(RxWiki News) In the not too distant future, sophisticated genetic screening may be done on a routine basis in a hospital lab. And this means cancer patients increasingly will be treated with therapies that target their specific genetic needs.
Researchers have demonstrated it's now possible to screen cancer patients for a number of different cancer-causing genetic changes. This can be done in a normal clinical practice, and results can be returned in a few weeks to help design individual, personalized treatment plans.
"If you have cancer, ask your oncologist about genetic screening."
The test is called SNaPshot. It was developed by a team of researchers led by Lecia Sequist, M.D., M.P.H., assistant professor of medicine at Harvard Medical School and thoracic medical oncologist at the Massachusetts General Hospital Cancer Center in Boston, and Dora Dias-Santagata, Ph.D., co-director of the Translational Research Laboratory in the Massachusetts General Hospital Pathology Department and Instructor of Pathology at Harvard Medical School.
SNaPshot tests more than 50 hot spots where mutations often occur in 14 major cancer genes, including - EGFR, KRAS, BRAF, HER2, among others.
Dias-Santagata explains that the test looks at genetic changes that happen in cancer cells, but not healthy cells in the body.

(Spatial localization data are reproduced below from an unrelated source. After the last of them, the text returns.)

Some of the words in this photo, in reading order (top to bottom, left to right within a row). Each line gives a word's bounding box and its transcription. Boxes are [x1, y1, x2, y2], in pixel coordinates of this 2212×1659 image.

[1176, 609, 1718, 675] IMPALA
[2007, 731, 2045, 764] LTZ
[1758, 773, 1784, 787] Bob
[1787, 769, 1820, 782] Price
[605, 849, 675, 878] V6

These mutations disrupt the behavior of normal cells, enabling them to multiply out of control, a process that results in tumors.

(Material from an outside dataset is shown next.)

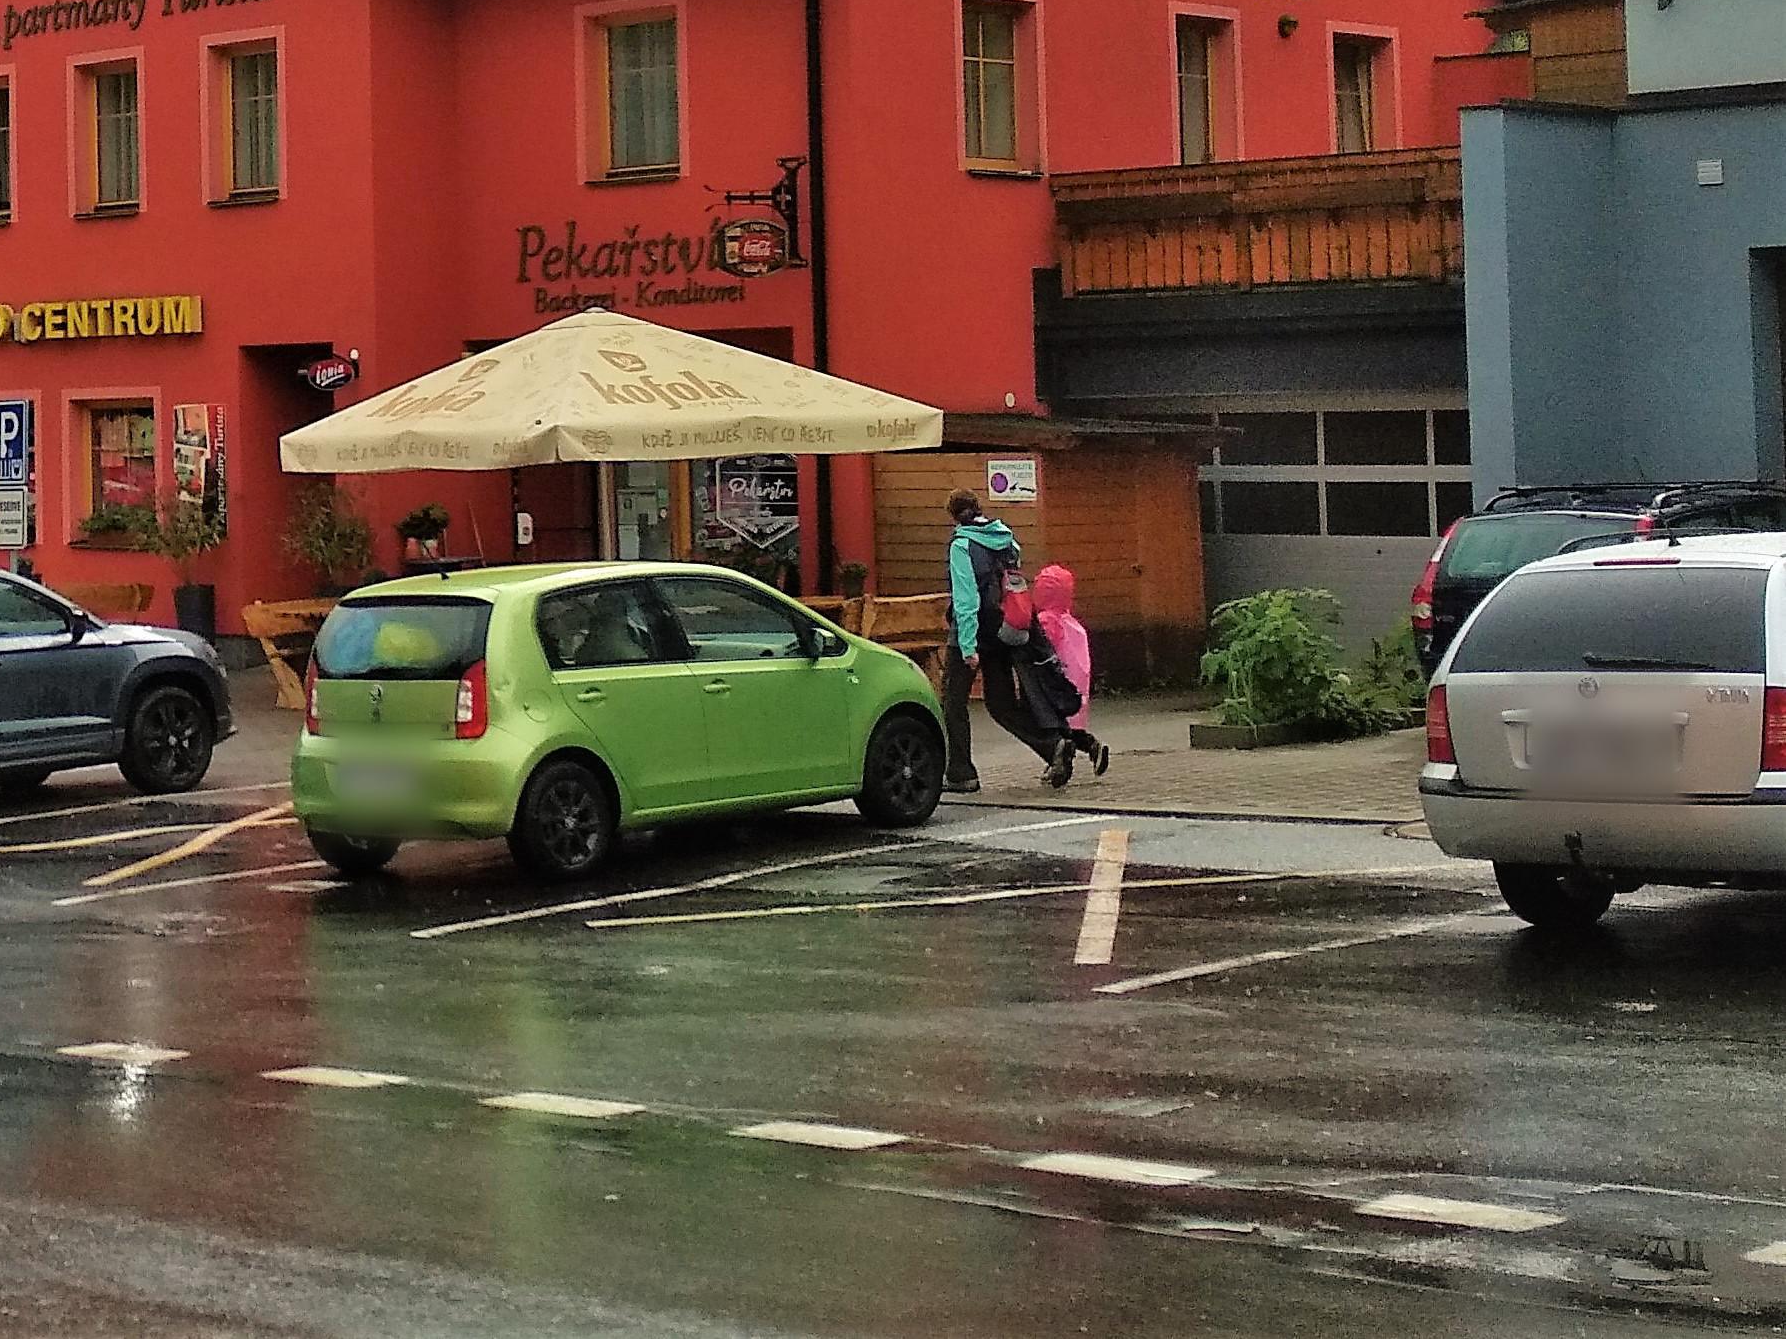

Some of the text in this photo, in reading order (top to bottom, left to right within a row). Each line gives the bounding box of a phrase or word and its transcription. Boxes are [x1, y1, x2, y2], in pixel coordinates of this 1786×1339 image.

[20, 295, 200, 343] CENTRUM
[579, 370, 748, 410] kofola
[0, 411, 20, 459] P

Targeted therapies, also known as "smart drugs" are now available to attack and subdue genetic abnormalities in a various cancer types. SNaPshot helps to match patients with these therapies by identifying their individual genotypes, Dias-Santagata says.
And this personalized medicine can be life-changing for patients. Dr. Sequist says that the right therapy can improve response rates among non-small-cell lung cancer (NSCLC) patients from 20-30 percent to 60-75 percent.
To test this method, researchers used SNaPshot to analyze samples from 589 NSCLC patients from March 2009 to May 2010.
The technology identified genetic changes in 51 percent of the samples. A total of 353 patients had advanced disease, and 170 had genetic mutations or rearrangements which were classified as "potentially targetable."
Dr. Sequist says this "broad multiplexed genetic screening" is going to become common for lung cancer patients.
The researchers say SNaPshot can be performed in most molecular diagnostic labs, using existing equipment.
While the technique was first used with NSCLC patients, Dias-Santagata and colleagues have extended its applications and are now using it to screen other solid tumors such as colorectal, breast and gliomas.
Plans for the future call for using the technology to analyze cancers of the blood, including acute myeloid leukemia (AML).
This research is published in the November 8, 2011 issue of Annals of Oncology.